Register For Our Mailing List

Register to receive our free weekly newsletter including editorials.

Home / 249

Are two SMSFs worth the bother?

Following the introduction of the $1.6 million transfer balance cap, many clients have asked whether it may be desirable to start a second SMSF to quarantine different benefit types and maximise their overall superannuation benefits. The Australian Taxation Office (ATO) has advised that it may not look kindly upon such arrangements. However, the ATO must treat each case on its merits.

Why consider such an arrangement? Most strategies centre on the principle of separating accumulation and pension benefits in order to maintain or grow the tax-free (pension) component in a separate fund. This makes sense if particular assets are expected to grow at a higher rate or generate more income than others. However, the ATO has the discretion to argue that Part IVA of the Income Tax Assessment Act (ITAA) applies in circumstances where a taxpayer has structured their affairs with the sole or primary purpose of avoiding tax, therefore there should be a greater objective at stake.

Administration costs and CGT

The total amount you can transfer to an income stream is capped at $1.6 million, although this amount can grow or decline in value without being assessed against the cap again (unless you make substitutions). Many retirees are keen to quarantine their high-yielding assets in this tax-free pension phase, and leave lower earning assets in the accumulation phase where income is taxed at 15%.

If you have an SMSF, generally earnings on your pension and accumulation accounts are assessed proportionately for tax purposes, which means you can’t allocate your higher-earning assets to the pension account and the lower-earning assets to your accumulation account. If you have two separate funds, different assets (and therefore their earnings) are segregated (for example, property in one fund and equities in another). However, you will have to pay two sets of administration costs, which could exceed the amount saved in tax payable on the different earnings.

If your fund is already fully or partly in pension phase, and you wish to set up another fund, not only would additional establishment and administration fees apply, but the sale or transfer of any assets from the existing fund to the new fund could create a capital gains tax (CGT) event. Capital gains in pension phase are generally tax-free, so this would be mostly relevant for accumulation interests. Stamp duty may be payable depending on the asset and the jurisdiction in which the transfer occurred.

Public offer funds

Many investors have a public offer fund in addition to their SMSF. This may be due to their employment arrangements, longstanding defined benefit schemes, or to retain insurance policies. While many individuals will roll these benefits into their SMSF at retirement, there may be incentives to retain these arrangements with a public offer fund, which will effectively quarantine the assets within this account. Others may consider establishing a new SMSF. While CGT and stamp duty issues are relevant only to the extent that they would apply in the public offer fund, the same considerations regarding purpose apply (i.e. the purpose is not the avoidance or minimisation of tax).

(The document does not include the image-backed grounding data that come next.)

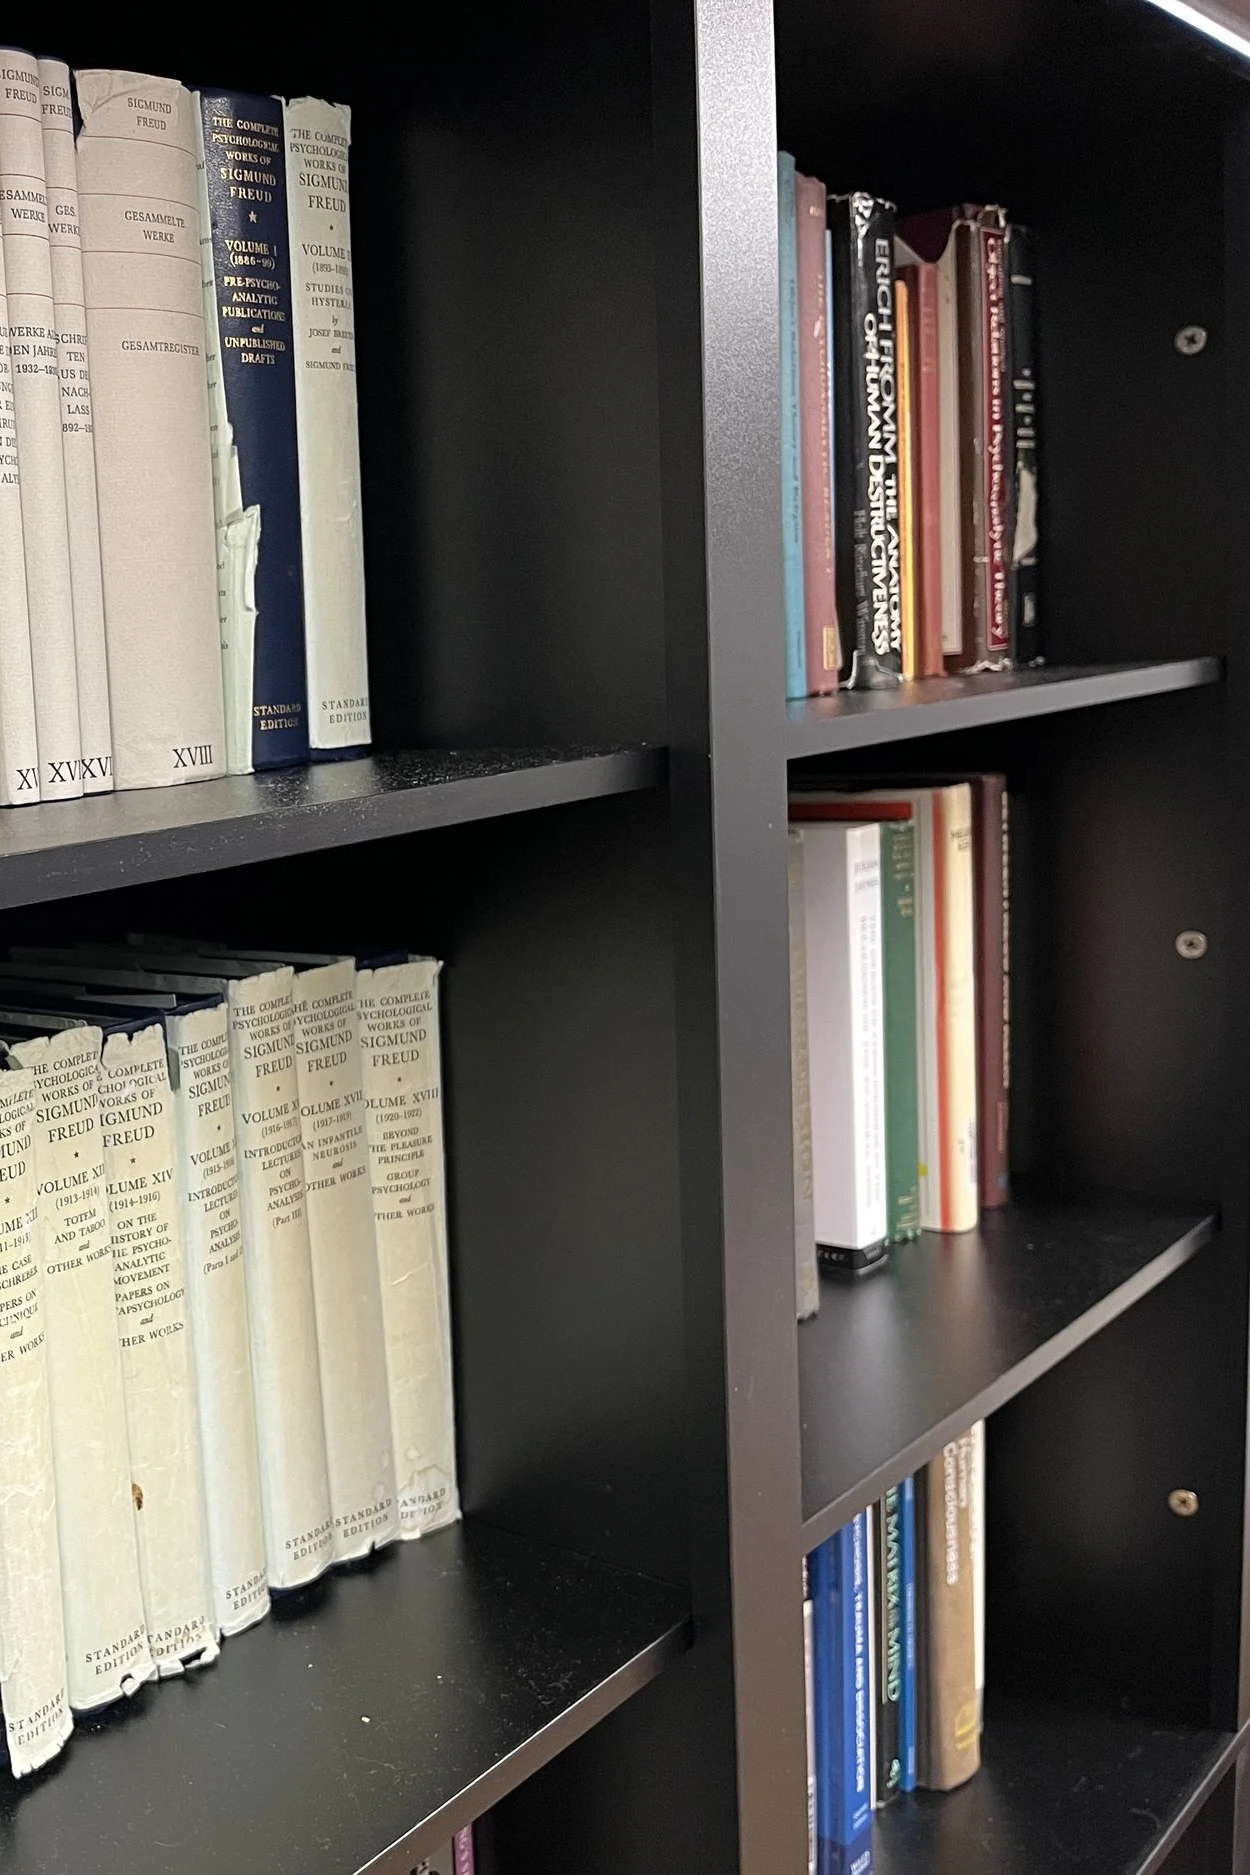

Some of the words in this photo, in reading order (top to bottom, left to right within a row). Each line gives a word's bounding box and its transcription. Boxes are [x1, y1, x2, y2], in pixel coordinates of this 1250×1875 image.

[5, 88, 37, 104] FREUD
[127, 98, 172, 114] SIGMUND
[136, 116, 166, 130] FREUD
[212, 117, 233, 128] THE
[237, 119, 279, 137] COMPLETE
[220, 167, 276, 186] SIGMUND
[230, 186, 272, 203] FREUD
[308, 195, 346, 213] FREUD
[125, 210, 185, 228] GESAMMELTE
[143, 229, 174, 243] WERKE
[225, 240, 270, 255] VOLUME
[875, 238, 893, 331] ERICH
[232, 292, 278, 305] ANALYTIC
[122, 340, 200, 356] GESAMTREGISTER
[225, 337, 285, 351] UNPUBLISHED
[242, 353, 275, 364] DRAFTS
[864, 350, 881, 450] HUMAN
[879, 339, 897, 464] FROMM
[67, 405, 90, 415] LASS
[884, 476, 898, 521] THE
[868, 455, 890, 655] DESTRUCTIVENESS
[254, 704, 301, 717] STANDARD
[330, 712, 367, 724] EDITION
[260, 718, 298, 730] EDITION
[172, 745, 213, 768] XVIII
[360, 1029, 427, 1048] SIGMUND
[372, 1049, 420, 1067] FREUD
[313, 1141, 357, 1161] NEUROSIS
[378, 1151, 425, 1165] PRINCIPLE
[64, 1208, 97, 1227] TOTEM
[54, 1231, 76, 1245] AND
[78, 1218, 106, 1237] TABOO
[114, 1252, 166, 1272] ANALYTIC
[343, 1513, 389, 1538] EDITION
[887, 1513, 899, 1609] MATRIX
[888, 1628, 900, 1701] MIND

It should be noted that those SMSFs where no member has a balance greater than $1.6 million including in both accumulation and pension accounts can still use the segregated method if they wish, which would allow the allocation of different assets and their earnings to occur. In this scenario, holding all assets in pension phase is the most tax-effective option, although there may be other reasons for individuals to retain accumulation accounts. Additionally, public offer funds such as wrap accounts may not be subject to these accounting requirements and therefore segregation opportunities may be available.

If you wish to pursue a strategy of having two SMSFs, consider your objectives and the purpose for doing so in light of the ATO’s position. Some individuals may wish to have one fund with a spouse and another with children from a previous marriage or for the purpose of holding real property with business associates, others may wish to hold their assets in different funds for other reasons.

Whatever the objective, it is critical to seek advice given the ATO’s concern about the strategy, and the general costs and complexity of adding additional structures to your financial affairs.


Gemma Dale is Director, SMSF & Investor Behaviour at nabtrade, a sponsor of Cuffelinks. Any advice and information contained in this article has been prepared without taking into account your objectives, financial situation or needs.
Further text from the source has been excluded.